Figure EV3. LINC00313 gain of function up-regulates Wnt-related genes.

Figure EV3

(A) Efficient ligation of LINC00313 insert to pcDNA3.1 plasmid vector was verified by double digestion with restriction enzymes, followed by agarose gel electrophoresis. Molecular size (in kbp) marker ladder is shown in the first lane. (B) Real-time qPCR analysis of LINC00313 expression in HuCCT1 cells stably over-expressing pcDNA3.1 or pcLINC00313 expression vectors stimulated or not with TGFβ1 for 16 h. (C) Subcellular fractionation followed by RT-qPCR analysis of LINC00313 RNA levels in nuclear and cytoplasmic fractions of HuCCT1 cells transiently over-expressing an empty vector (pcDNA3.1) or LINC00313 and HuCCT1 clones, stably over-expressing pcDNA3.1 or LINC00313. (D) smiFISH for LINC00313 RNA in HuCCT1 cells stably over-expressing LINC00313 and stimulated with TGFβ for 16 h.

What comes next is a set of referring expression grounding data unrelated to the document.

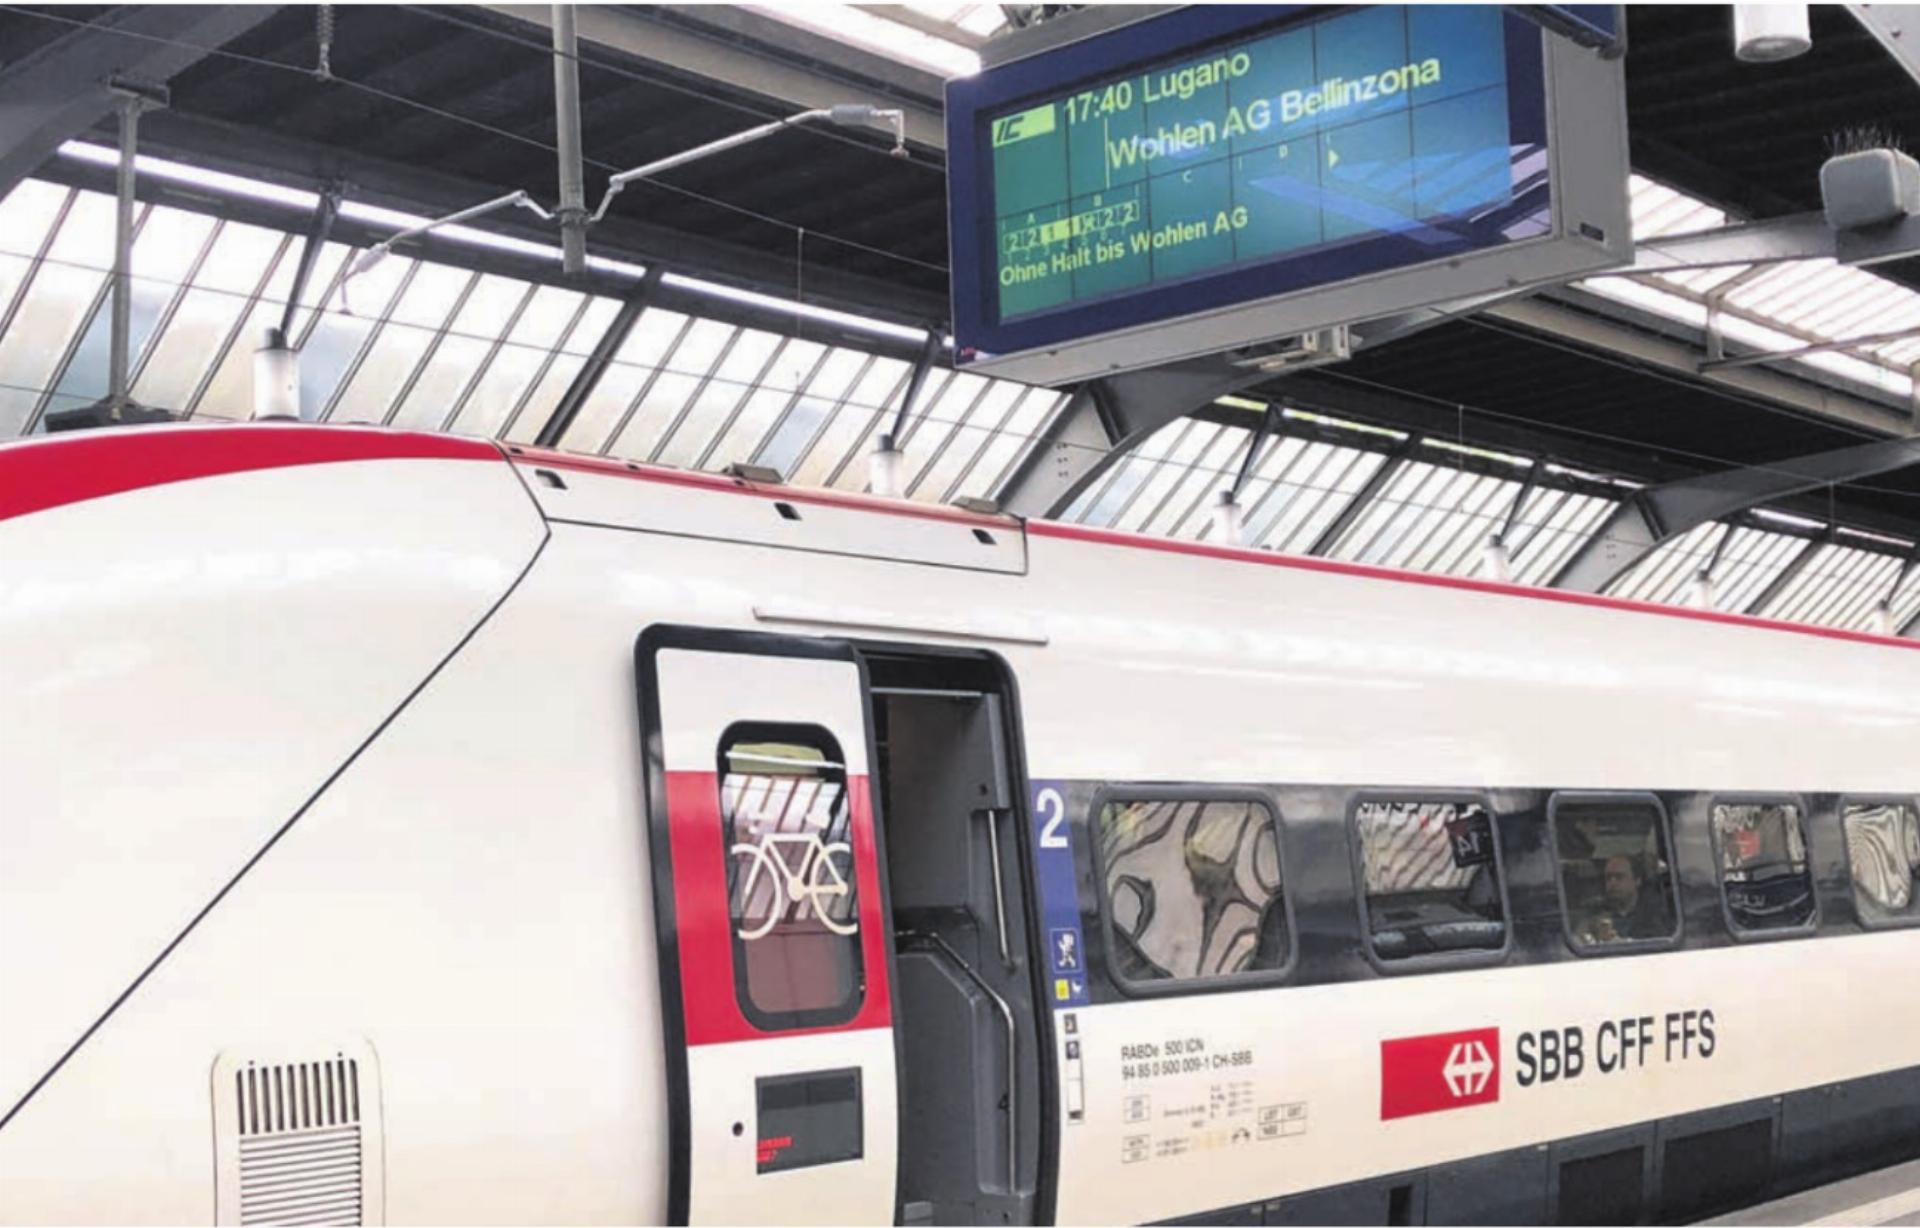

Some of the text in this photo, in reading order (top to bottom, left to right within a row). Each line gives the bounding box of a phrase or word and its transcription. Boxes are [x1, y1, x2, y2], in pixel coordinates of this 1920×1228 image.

[1064, 81, 1132, 125] 17:40
[1143, 52, 1250, 102] Lugano
[1107, 57, 1440, 169] Wohlen AG Bellinzona
[1000, 260, 1048, 286] Ohne
[1052, 247, 1090, 274] Halt
[1096, 240, 1125, 263] bis
[1130, 221, 1207, 255] Wohlen
[1213, 206, 1249, 234] AG
[1037, 788, 1067, 848] 2
[1122, 1064, 1135, 1080] 94
[1162, 1059, 1180, 1075] 500
[1212, 1050, 1253, 1069] CH-SBB
[1165, 1039, 1183, 1056] 500
[1516, 1009, 1716, 1087] SBB CFF FFS
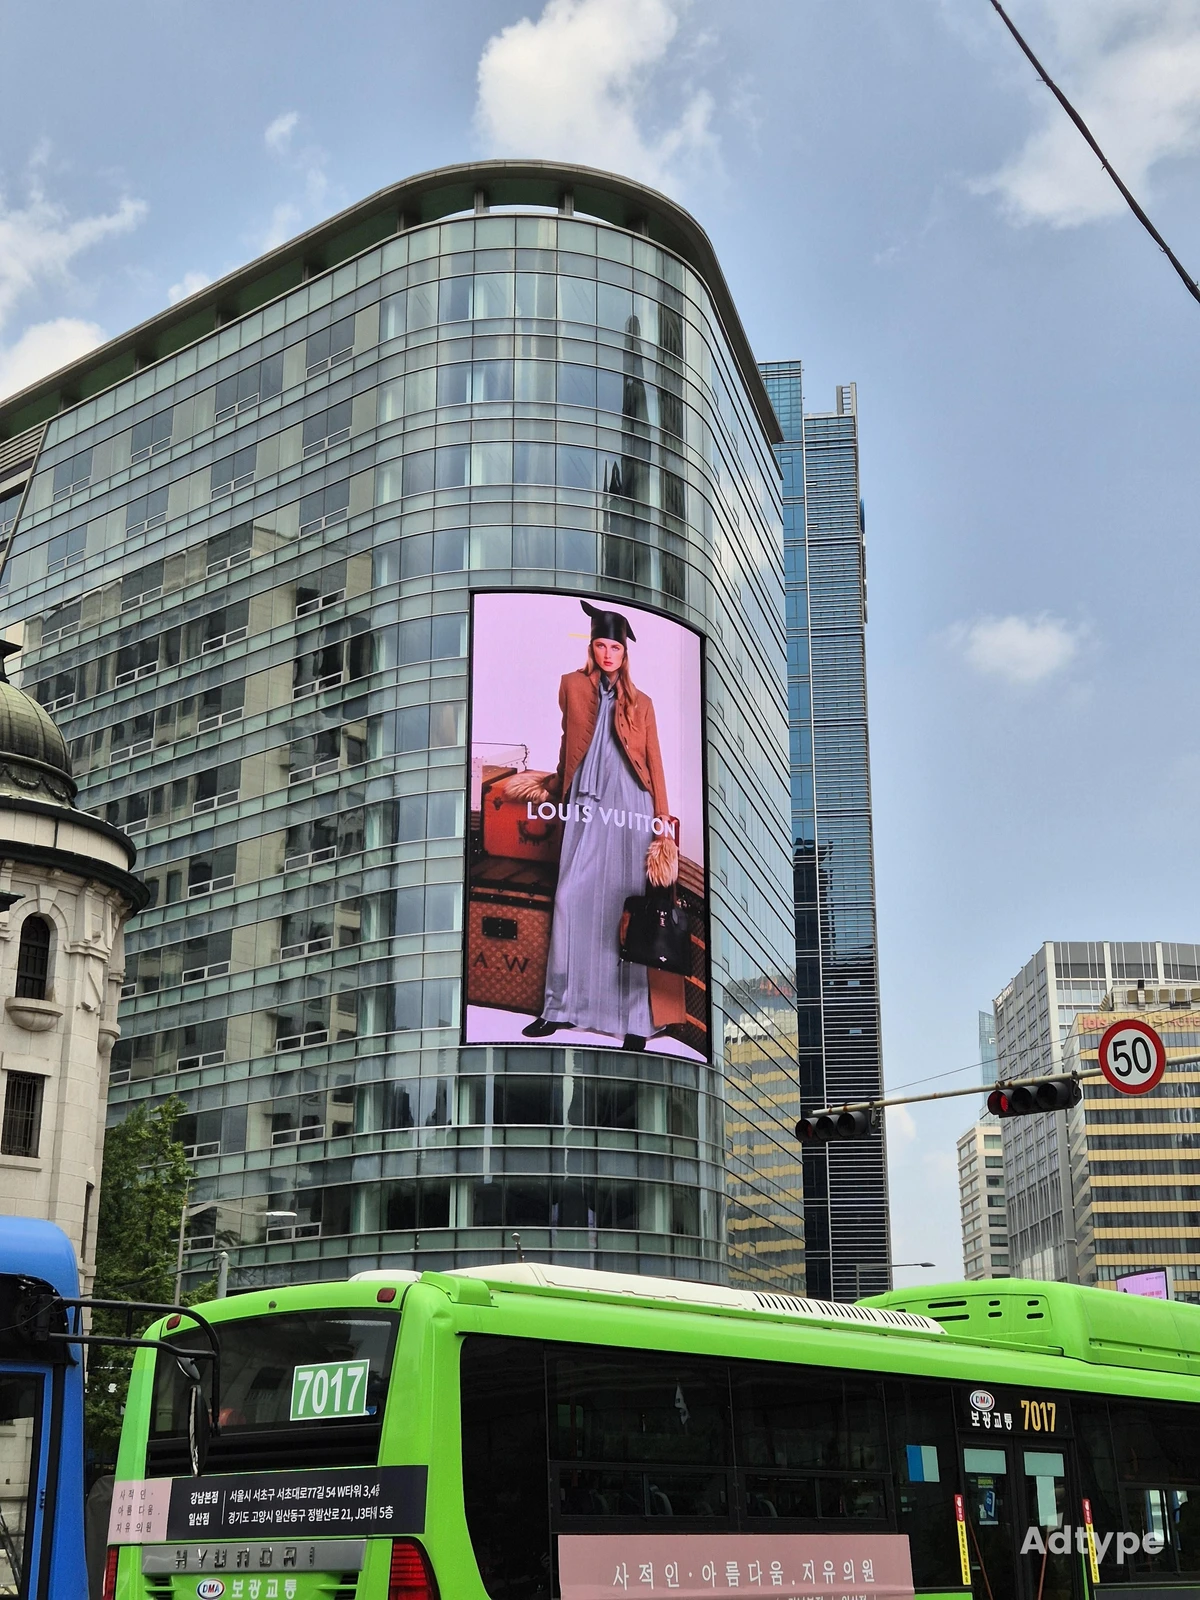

DAPI was used to stain nuclei. Scale bars: 15 μm. (E) Heatmap presenting the top 40 differentially regulated genes in HuCCT1 pcLINC00313 versus pcDNA3-expressing cells (shrunken log2FC > 1, adjusted p-value < 0.1). Biological triplicates (1-3) were used per condition. (F) GSEA analysis of differentially expressed genes in pcLINC00313 versus pcDNA3 HuCCT1 cells. (G) Real-time qPCR analysis of LINC00313, TCF7, WNT5A, AXIN2, and SULF2 expression in a monoclonal HuCCT1 cell line stably expressing pcDNA3.1 and in two monoclonal HuCCT1 cell lines stably expressing pcLINC00313, in the presence or not of TGFβ1 for 16 h. Data information: Data in panels (B), (C) and (G) are presented as mean ± SD (n = 3 biological replicates). *P ≤ 0.05, **P ≤ 0.01, ***P ≤ 0.001 (Student’s t-test). In panel (F) the Kolmogorov-Smirnov test was used for statistical analysis of GSEA. Source data are available online for this figure.